10:28 AM
George Crump
George Crump

Active Data Vs. Active Archive

We need better metrics to help us decide what data should be on primary storage and what should be on archive storage.

In my last column I discussed how what we used to consider active data is changing. We now have to look at the potential working set instead of the actual working set. Thanks to initiatives like real-time analytics, some data that we used to classify as archivable now needs to be at the ready. If this is the case, what is the role of archive? How do disk and tape archives participate in an increasingly active world?

The key to a balanced storage strategy, even with all this active data, is to change how we decide to archive a certain set of data. Under the current archive methodology the most common decision point was last modification date. In other words, data that is X days/years old can be archived, everything else has to stay on primary storage. The problem with this methodology is it is not compatible with real-time analytics and not even really compatible with the way users use data.

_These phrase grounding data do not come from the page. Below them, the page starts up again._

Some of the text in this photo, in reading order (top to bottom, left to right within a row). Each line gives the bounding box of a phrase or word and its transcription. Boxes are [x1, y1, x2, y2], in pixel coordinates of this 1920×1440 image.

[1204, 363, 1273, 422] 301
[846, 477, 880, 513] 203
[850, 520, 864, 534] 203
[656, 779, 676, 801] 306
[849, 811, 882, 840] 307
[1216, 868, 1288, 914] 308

We need better metrics to help us decide what data should be on primary storage and what should be on archive storage. A key criteria is going to be what data, if it needs to be accessed, will need to be delivered instantly -- in other words, something that may need to be analyzed in the future. This data should probably not go to an archive no matter how old it gets since it could have a statistical probability of value.

[ Learn more about virtual desktop infrastructure. Read VDI Performance And Cost: A Deeper Dive. ]

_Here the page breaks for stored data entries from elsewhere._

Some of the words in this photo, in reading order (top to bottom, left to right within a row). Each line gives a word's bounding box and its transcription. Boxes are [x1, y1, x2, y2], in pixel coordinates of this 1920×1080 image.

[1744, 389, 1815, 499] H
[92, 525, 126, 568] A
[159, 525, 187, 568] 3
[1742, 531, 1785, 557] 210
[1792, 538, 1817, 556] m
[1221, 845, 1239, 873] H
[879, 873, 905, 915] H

However, if we know for sure that a certain data set will not be part of a real-time processing application or be needed for analytics then lets archive it as soon as possible and not even wait for it to age. Maybe some of this data could even spend all of its data lifecycle on archive storage because the performance of the archive is "good enough" for the use case.

There is also the need to understand relationships between files. As a simple example, I am writing a couple of books right now. Each of those books have multiple iterations on the file name but large chunks of the content within those files are the same. Each draft gets a different file name. When I get to the end of any of these books, I really don't think I will need all of these drafts but, because all data has become a "you never know" situation, I will want to keep all of them around but I doubt I will ever access them again.

The question is how many of these drafts will I require instant access to and how many could I wait 10 minutes before I view them? For my purposes, all I really will need is the final copy and maybe a couple of the iterations. It would be nice to have software analyze this data and keep versions of the files with the most significant internal changes and then archive the rest.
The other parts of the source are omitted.